Everyone does not react to events the same way. When I have been at dance competitions, I have seen grown women come off of the dance heat (event) and actually cry because they did not think they would win an award for their dancing. When the awards were given out about one hour later, they cried again because they did not win or earn one. I know we cannot always win, I have not always won in my competition days and I never cried. I may have felt sad, but I behaved like a lady and or a good sport should do. I know the feeling of winning, I have fifty-eight trophies and medals from my competition days and I know from other events when I did not earn one for that particular performance, I was sad, but not defeated.
A friend of mine is a manager of a jewelry store and a football player came in to buy an engagement ring for his soon to be fiancée. She did not recognize him because he is a very young player and not as well-known as others yet. He mentioned that another Raven had been in there to purchase jewelry and gave him the recommendation. When she found out who he was, she was excited to assist him and he bought a ring. We had been there and left about ten minutes before he arrived. I would have been elated to be there when he was there. She told me his name and I Iooked him up on the roster and ‘felt’ like I knew him too. During the ballgame, I heard his name mentioned for doing this or that in the game, and I imagined that I knew him and was proud to hear him being mentioned.
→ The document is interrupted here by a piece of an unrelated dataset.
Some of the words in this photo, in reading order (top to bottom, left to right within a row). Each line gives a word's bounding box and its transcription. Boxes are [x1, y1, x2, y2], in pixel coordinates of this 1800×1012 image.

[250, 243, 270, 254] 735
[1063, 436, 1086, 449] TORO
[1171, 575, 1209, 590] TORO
I am a maven in ballroom dancing from my almost thirty-five years of participating in it and I still get a thrill about anything pertaining to it. I even got exhilarated getting a new PT exercise because it reminded me of when we took dance lessons and we learned a new step/movement. Of course, you seem to never forget what you learned, because I was able to show Cheryl how to really do the Cha Cha step that ended the walking exercise, she gave me recently.
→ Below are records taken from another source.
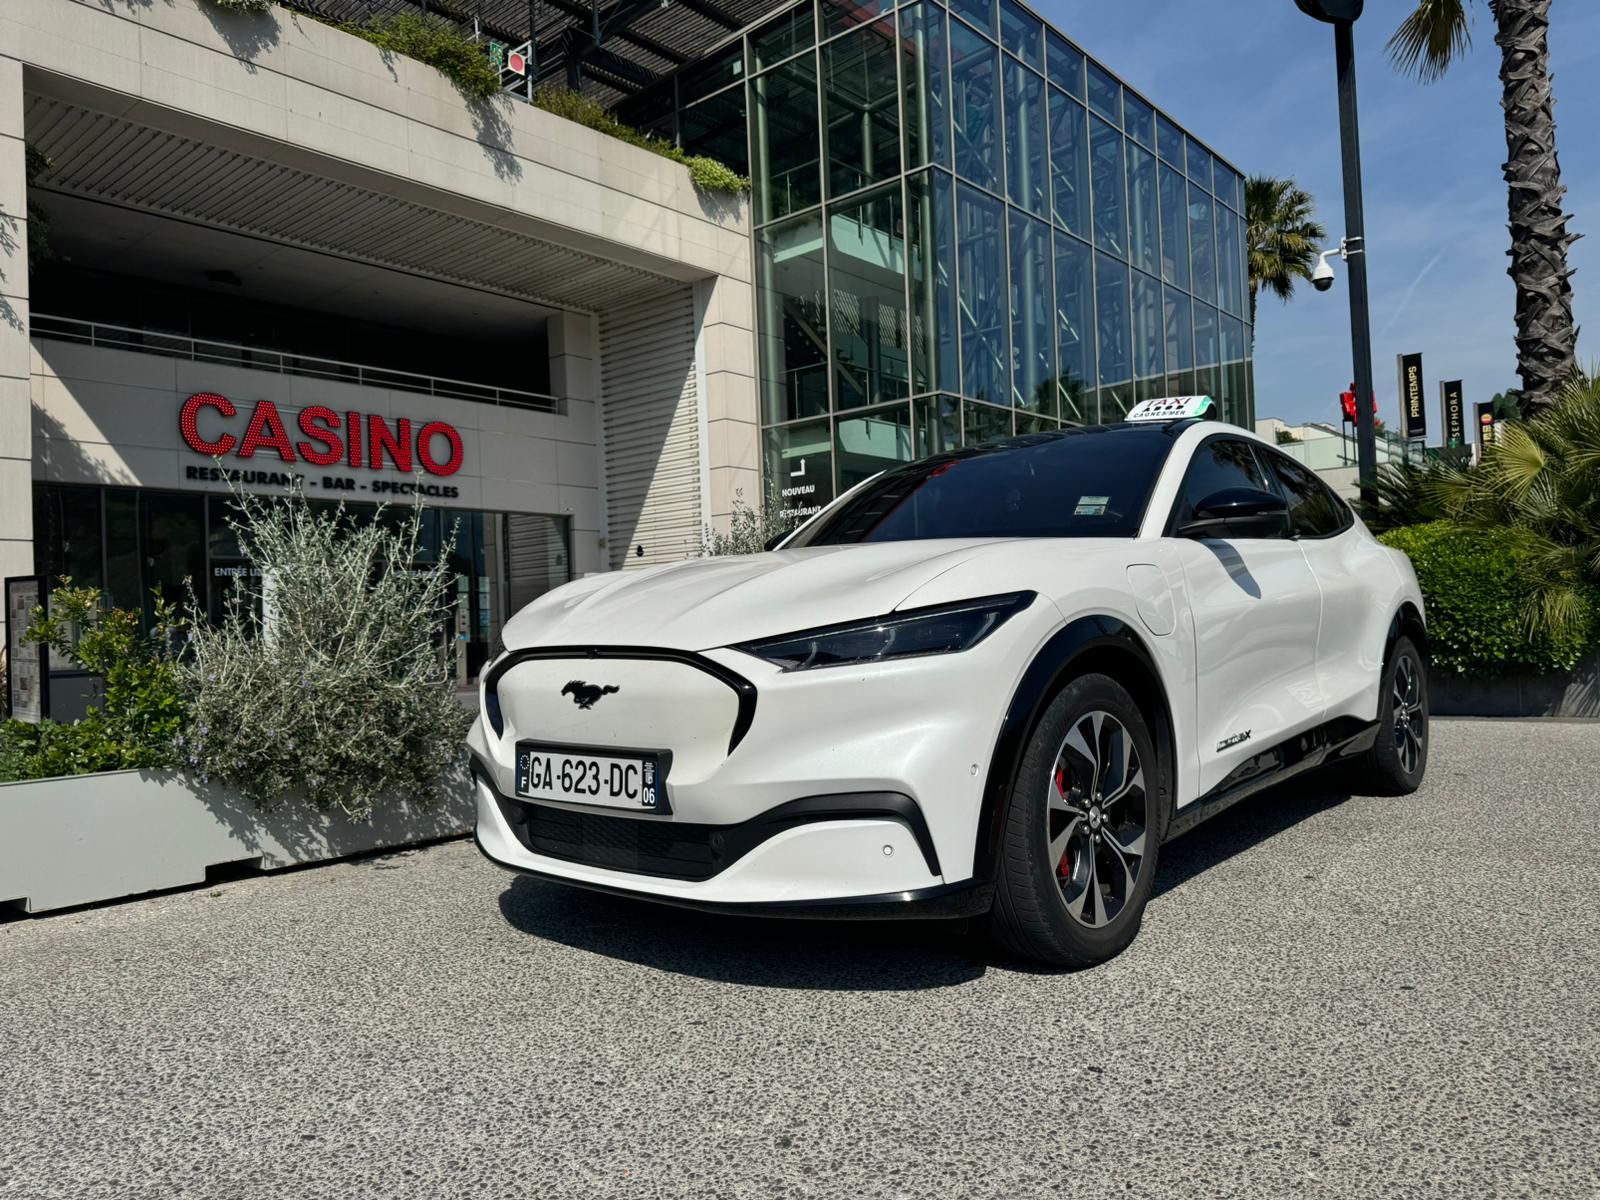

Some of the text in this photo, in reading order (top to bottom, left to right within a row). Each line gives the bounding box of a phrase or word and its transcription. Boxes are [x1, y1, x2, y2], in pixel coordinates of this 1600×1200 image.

[1147, 397, 1192, 407] TAXI
[1408, 365, 1420, 418] PRINTEMPS
[1449, 391, 1460, 438] SEPHORA
[179, 392, 464, 477] CASINO
[322, 476, 356, 491] BAR
[372, 480, 459, 498] SPECTACLES
[781, 485, 815, 497] NOUVEAU
[520, 776, 528, 788] F
[530, 756, 638, 799] GA-623-DC
[643, 787, 655, 804] 06
So if you ask me to ‘perform’ it for you, I will not really smile right then, but I will be smiling in my heart and soul because it reminds me of my beloved dancing.
As Steven said when he wrote me the opening statement of this article,
“There were many times that I wanted to skip the practice, however, because I didn't, it helped me during the actual race when I wanted to stop running. It has also become part of my fabric that helps me address challenges every day.”
Thus, we all accept challenges every day in everything we do for pleasure, for work, for living and for surviving. They become a fabric of our lives and we weave them into “a garment of living” and we proudly wear it, all the days of being here.